▶ [Task instructions]
Would you transcribe the records below exactly, omitting every picture?

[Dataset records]
---

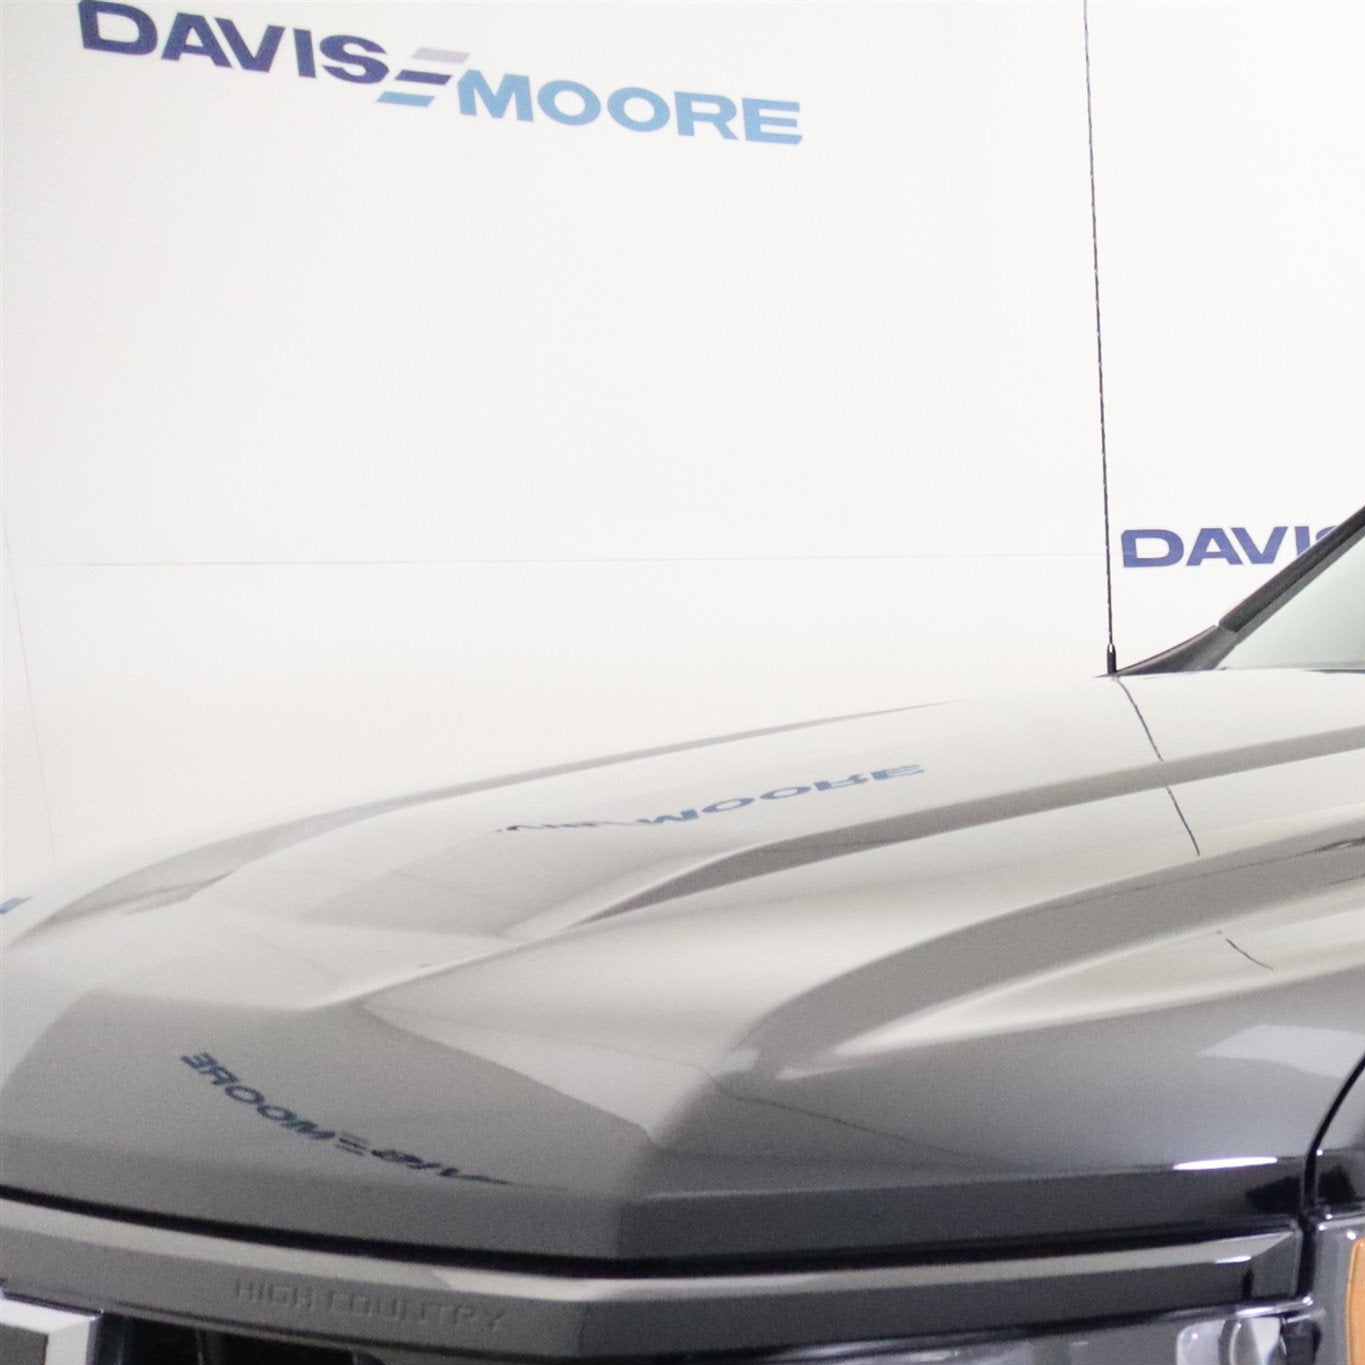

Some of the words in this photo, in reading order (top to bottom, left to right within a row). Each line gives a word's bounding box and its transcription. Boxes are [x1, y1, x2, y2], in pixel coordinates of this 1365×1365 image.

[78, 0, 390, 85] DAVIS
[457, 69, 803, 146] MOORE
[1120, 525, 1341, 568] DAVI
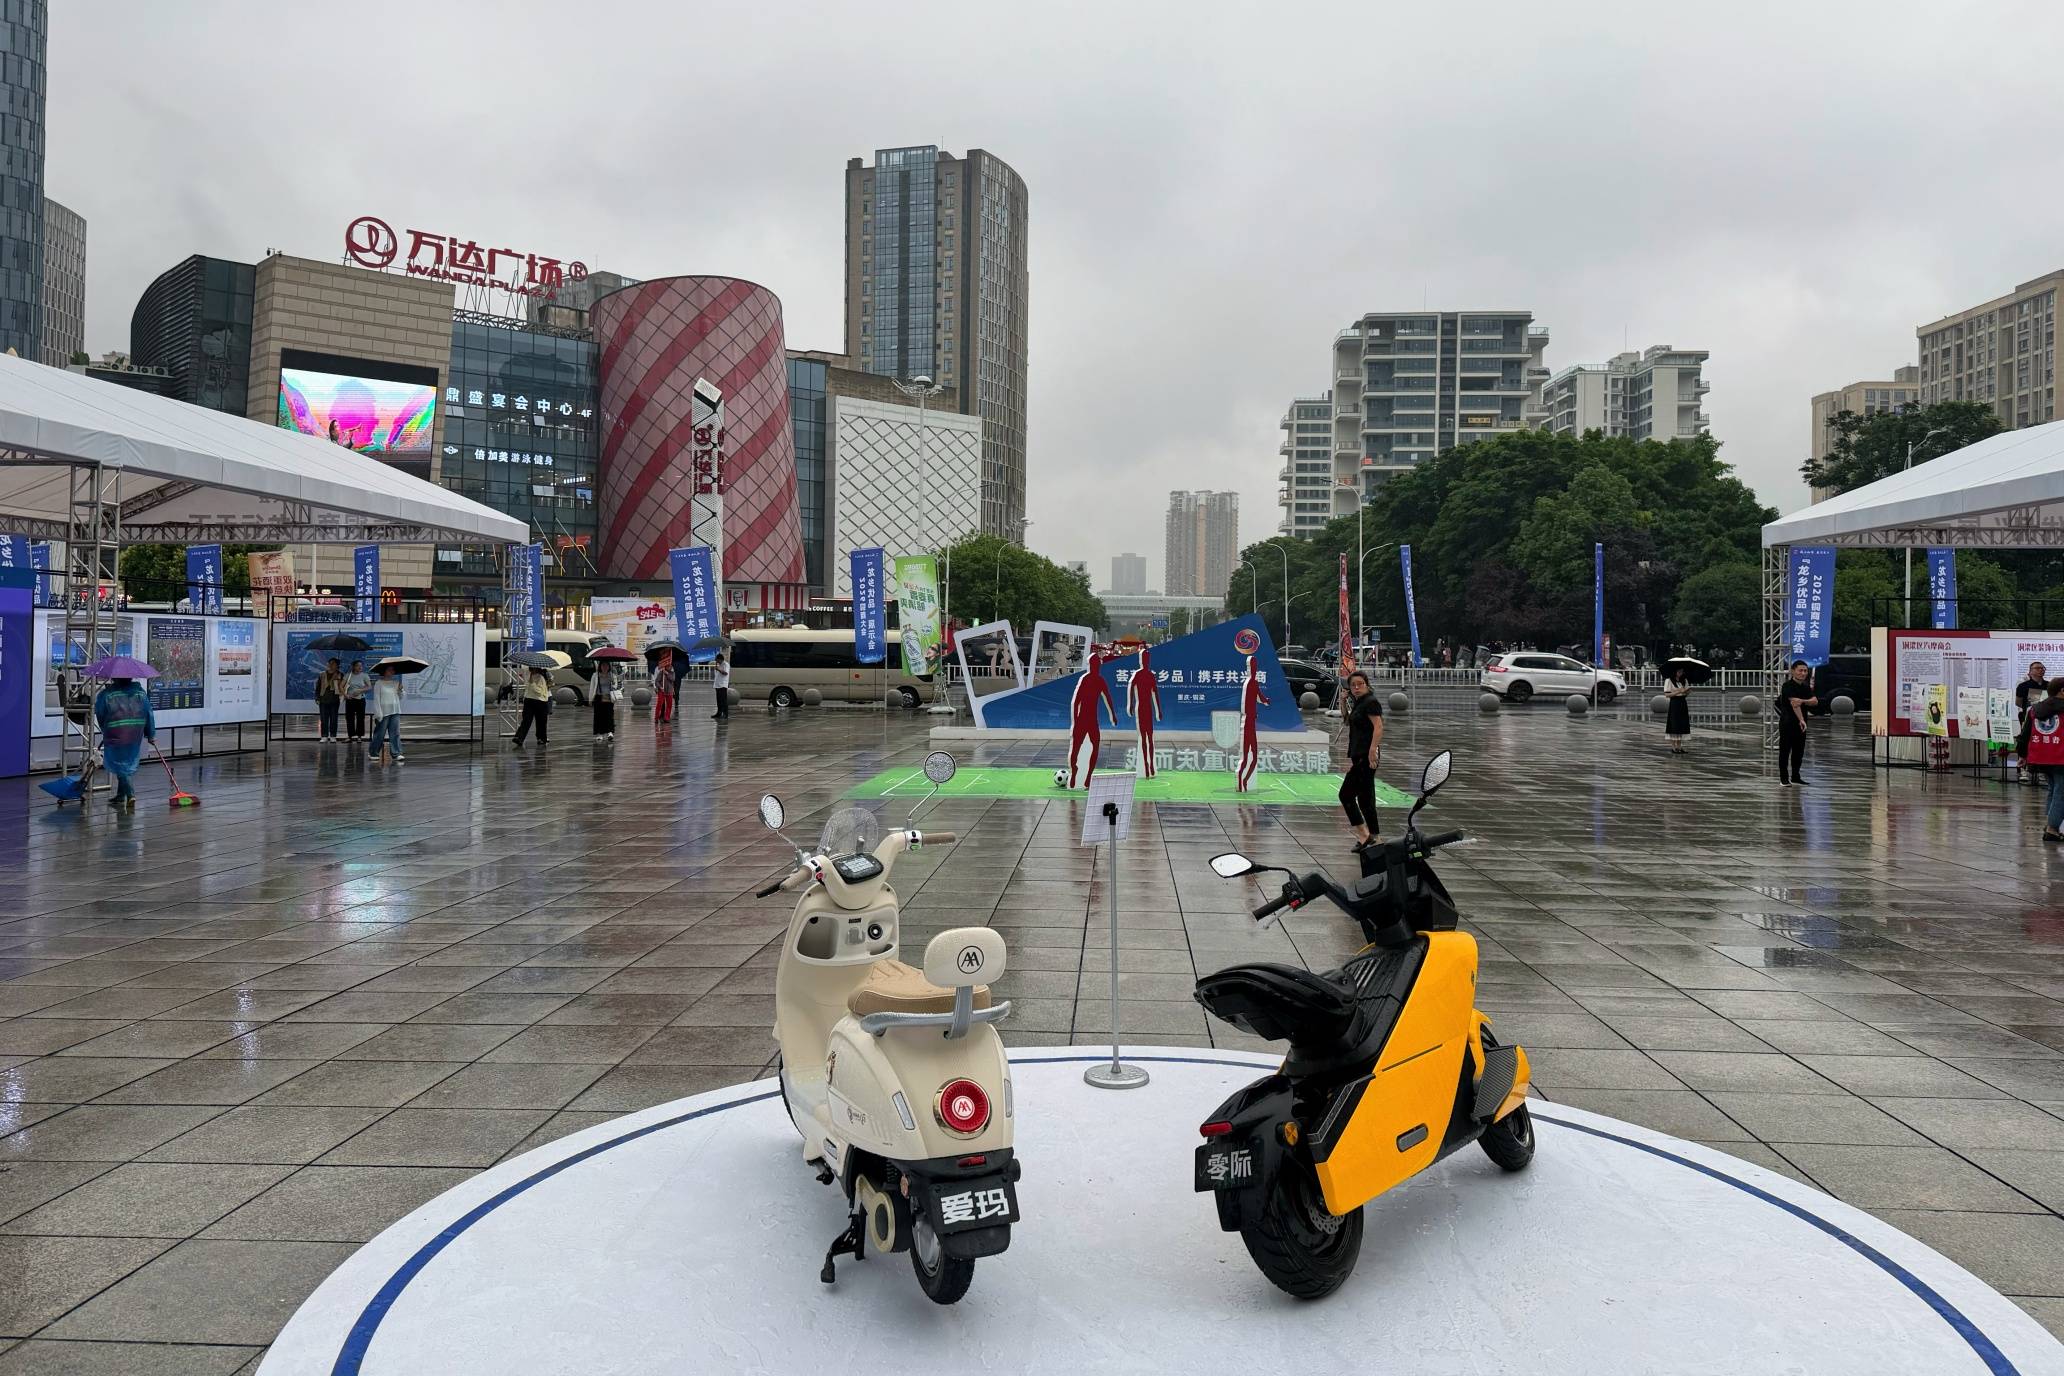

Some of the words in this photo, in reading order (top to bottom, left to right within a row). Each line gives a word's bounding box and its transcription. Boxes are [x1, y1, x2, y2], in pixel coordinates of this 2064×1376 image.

---

▶ [Result]
Some of the words in this photo, in reading order (top to bottom, left to right within a row). Each line gives a word's bounding box and its transcription. Boxes are [x1, y1, x2, y2], in pixel coordinates of this 1365×1365 image.

[78, 0, 390, 85] DAVIS
[457, 69, 803, 146] MOORE
[1120, 525, 1341, 568] DAVI

Some of the words in this photo, in reading order (top to bottom, left to right within a row). Each line gives a word's bounding box and its transcription. Boxes are [x1, y1, x2, y2], in pixel coordinates of this 2064×1376 image.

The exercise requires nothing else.